(Stored data entries)
★ ★ ★ ★ ★ ★ ★

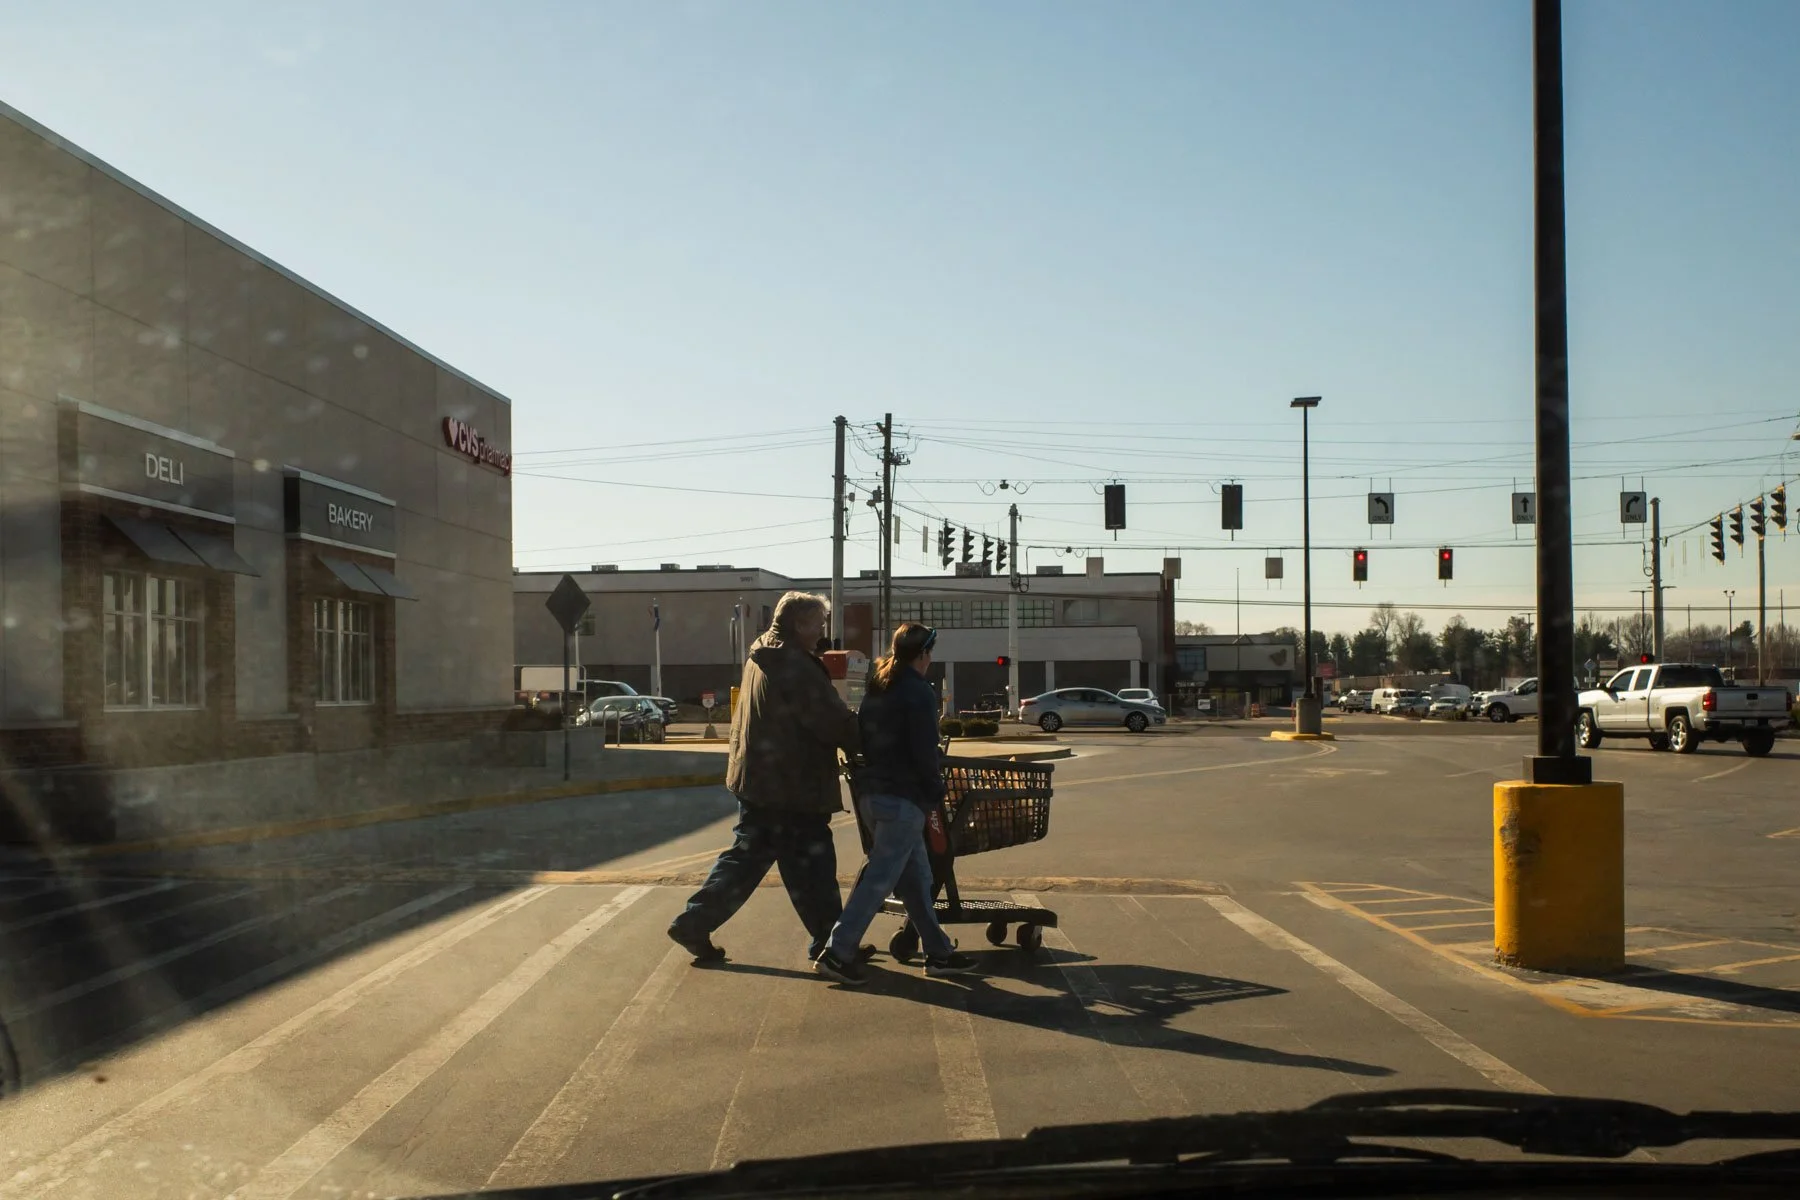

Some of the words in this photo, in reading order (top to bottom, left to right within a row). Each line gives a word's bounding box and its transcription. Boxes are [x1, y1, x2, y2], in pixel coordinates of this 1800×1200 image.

[459, 422, 479, 457] CVS
[479, 442, 511, 471] pharmac
[146, 453, 184, 486] DELI
[328, 503, 374, 532] BAKERY
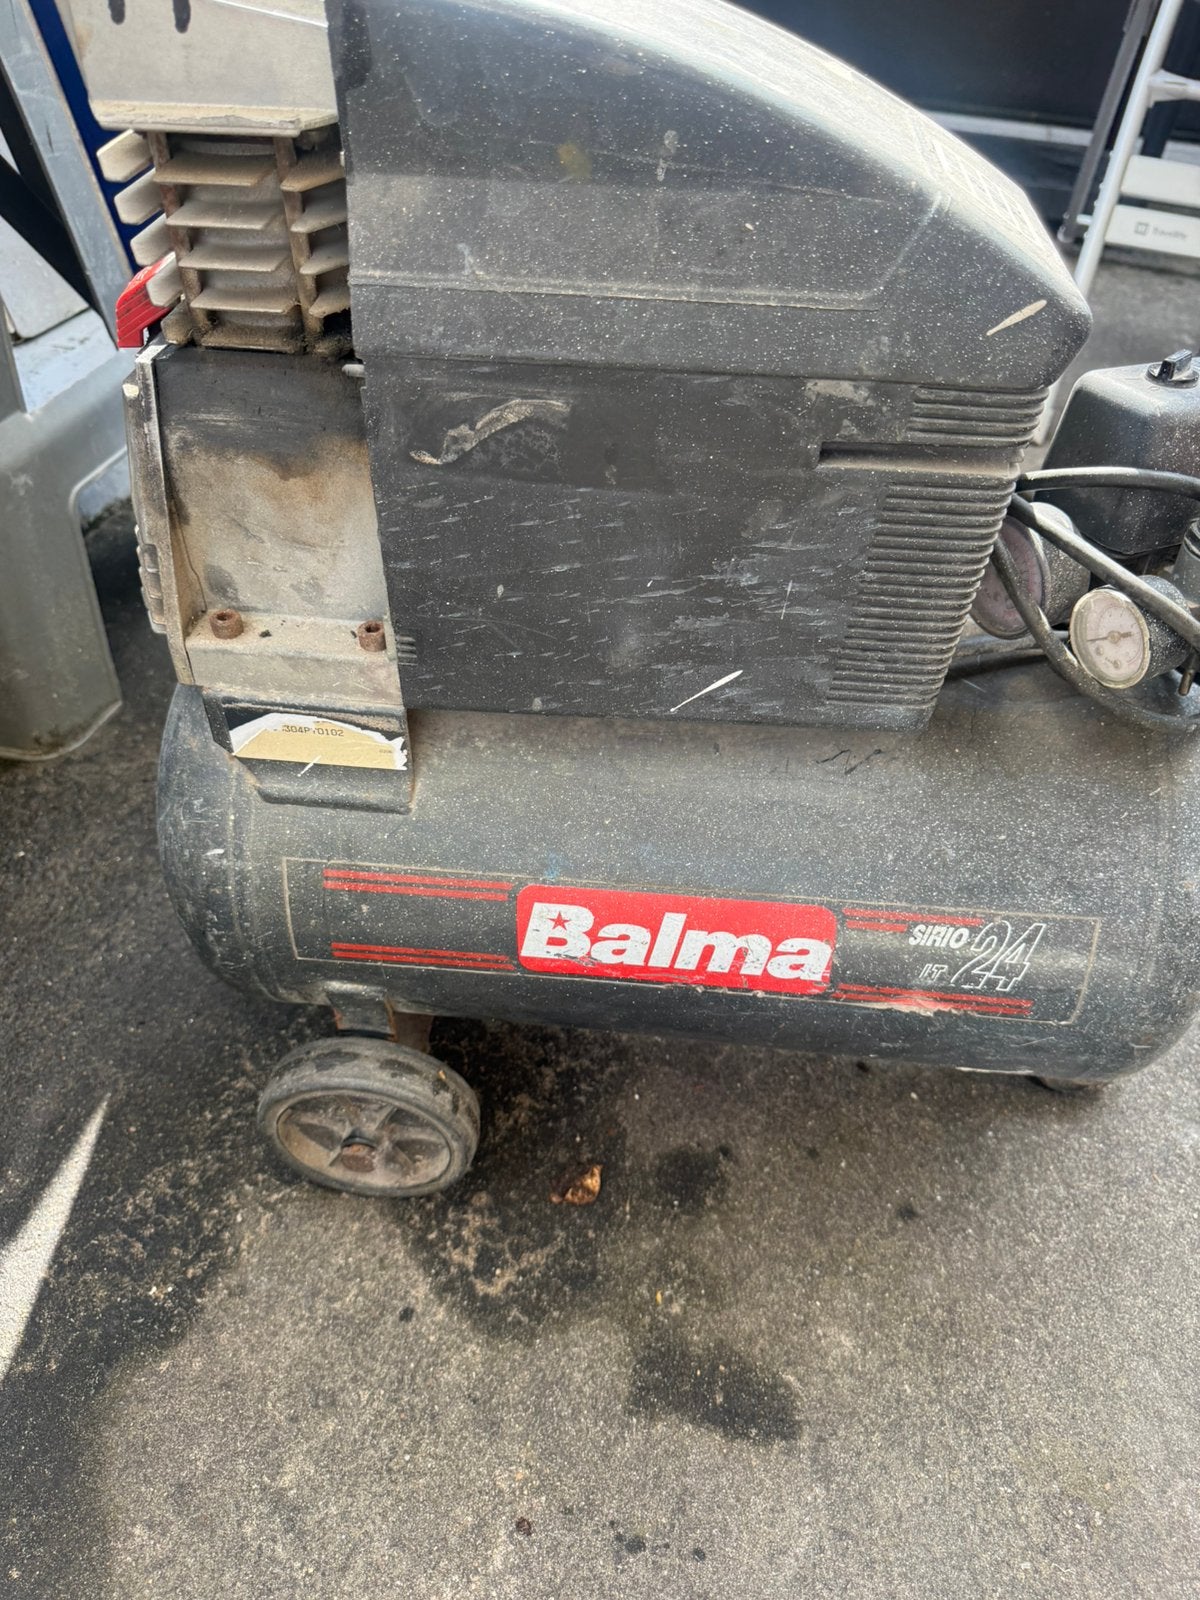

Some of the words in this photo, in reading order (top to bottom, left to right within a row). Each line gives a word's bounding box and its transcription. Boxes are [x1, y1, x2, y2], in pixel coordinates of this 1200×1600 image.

[521, 902, 833, 981] Balma
[909, 924, 970, 949] SIRIO
[950, 920, 1046, 991] 24
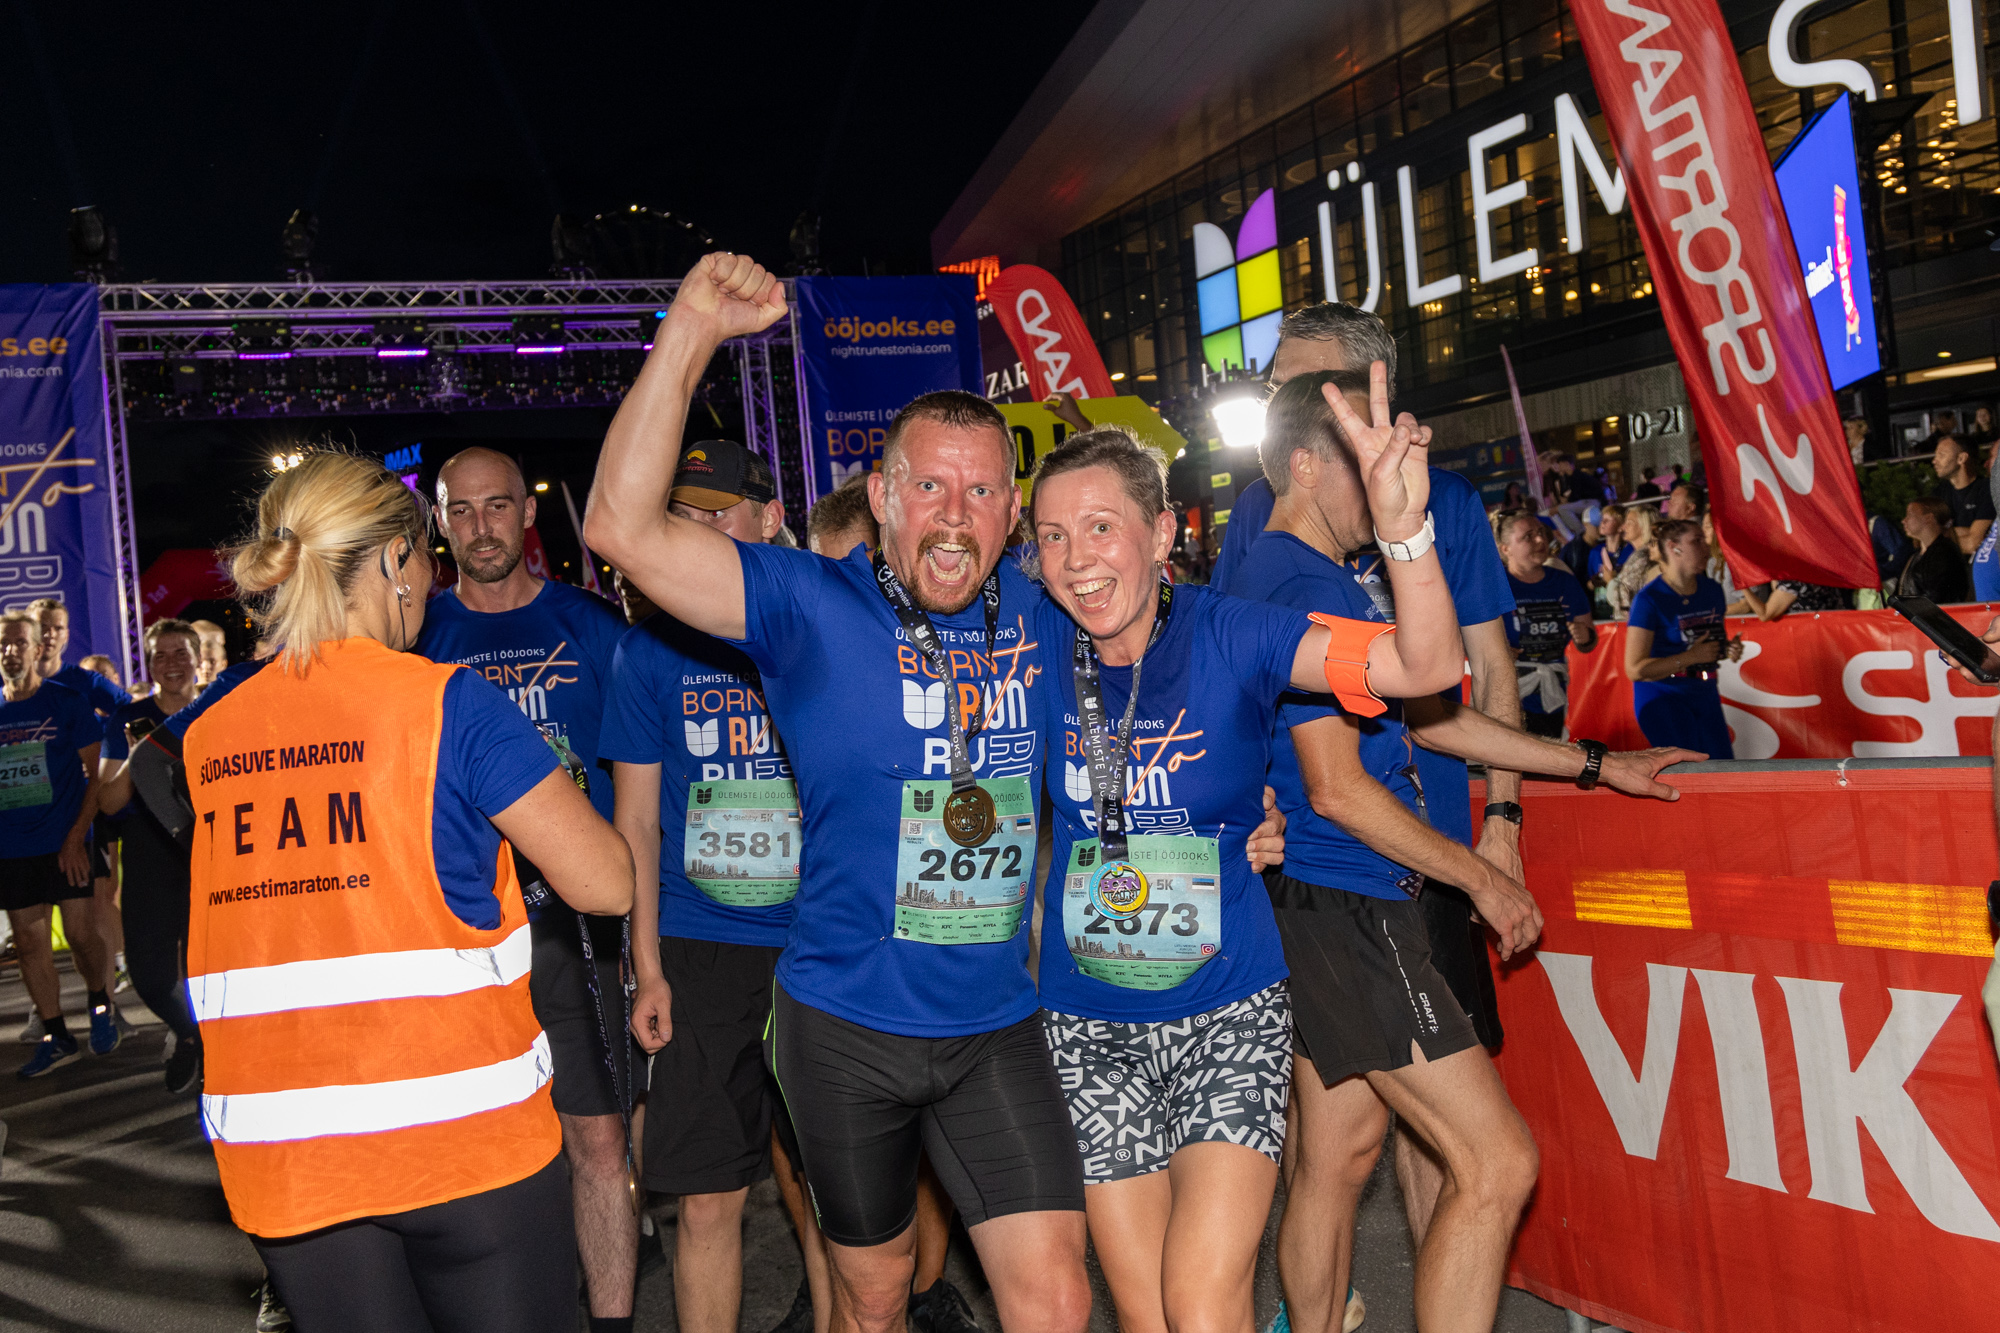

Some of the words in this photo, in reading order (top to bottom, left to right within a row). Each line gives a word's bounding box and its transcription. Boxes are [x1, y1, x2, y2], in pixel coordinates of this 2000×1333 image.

★ ★ ★ ★ ★ ★ ★

What to produce: Reproduce each record from above exactly; pictures do not belong in the copy.

Your response:
Some of the words in this photo, in reading order (top to bottom, left to right within a row). Each line gives a word's bounding box and its transcription. Boxes are [x1, y1, x2, y2], in pixel coordinates of this 1800×1200 image.

[459, 422, 479, 457] CVS
[479, 442, 511, 471] pharmac
[146, 453, 184, 486] DELI
[328, 503, 374, 532] BAKERY

Some of the words in this photo, in reading order (top to bottom, left to right within a row). Each line gives a word's bounding box and its transcription. Boxes are [x1, y1, x2, y2], in pixel coordinates of this 1200×1600 image.

[521, 902, 833, 981] Balma
[909, 924, 970, 949] SIRIO
[950, 920, 1046, 991] 24

Some of the words in this photo, in reading order (top to bottom, left to right within a row). Each line gives a word's bounding box and its transcription. Boxes are [x1, y1, x2, y2], in pixel coordinates of this 2000×1333 image.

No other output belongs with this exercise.